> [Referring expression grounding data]
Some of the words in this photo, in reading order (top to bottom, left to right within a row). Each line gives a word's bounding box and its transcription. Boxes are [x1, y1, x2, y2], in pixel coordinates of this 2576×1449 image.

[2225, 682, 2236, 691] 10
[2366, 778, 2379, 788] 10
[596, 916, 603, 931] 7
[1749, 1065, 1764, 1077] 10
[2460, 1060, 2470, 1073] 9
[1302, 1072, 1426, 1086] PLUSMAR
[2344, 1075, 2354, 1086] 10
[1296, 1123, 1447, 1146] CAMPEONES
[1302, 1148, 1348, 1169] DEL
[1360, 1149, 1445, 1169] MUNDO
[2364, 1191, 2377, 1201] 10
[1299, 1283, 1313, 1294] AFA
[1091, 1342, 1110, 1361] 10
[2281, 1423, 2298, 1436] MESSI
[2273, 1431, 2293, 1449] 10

> [Exercise requirements] The output should restate the data exactly, with no line missing.

> [Written solution]
Some of the words in this photo, in reading order (top to bottom, left to right within a row). Each line gives a word's bounding box and its transcription. Boxes are [x1, y1, x2, y2], in pixel coordinates of this 2576×1449 image.

[2225, 682, 2236, 691] 10
[2366, 778, 2379, 788] 10
[596, 916, 603, 931] 7
[1749, 1065, 1764, 1077] 10
[2460, 1060, 2470, 1073] 9
[1302, 1072, 1426, 1086] PLUSMAR
[2344, 1075, 2354, 1086] 10
[1296, 1123, 1447, 1146] CAMPEONES
[1302, 1148, 1348, 1169] DEL
[1360, 1149, 1445, 1169] MUNDO
[2364, 1191, 2377, 1201] 10
[1299, 1283, 1313, 1294] AFA
[1091, 1342, 1110, 1361] 10
[2281, 1423, 2298, 1436] MESSI
[2273, 1431, 2293, 1449] 10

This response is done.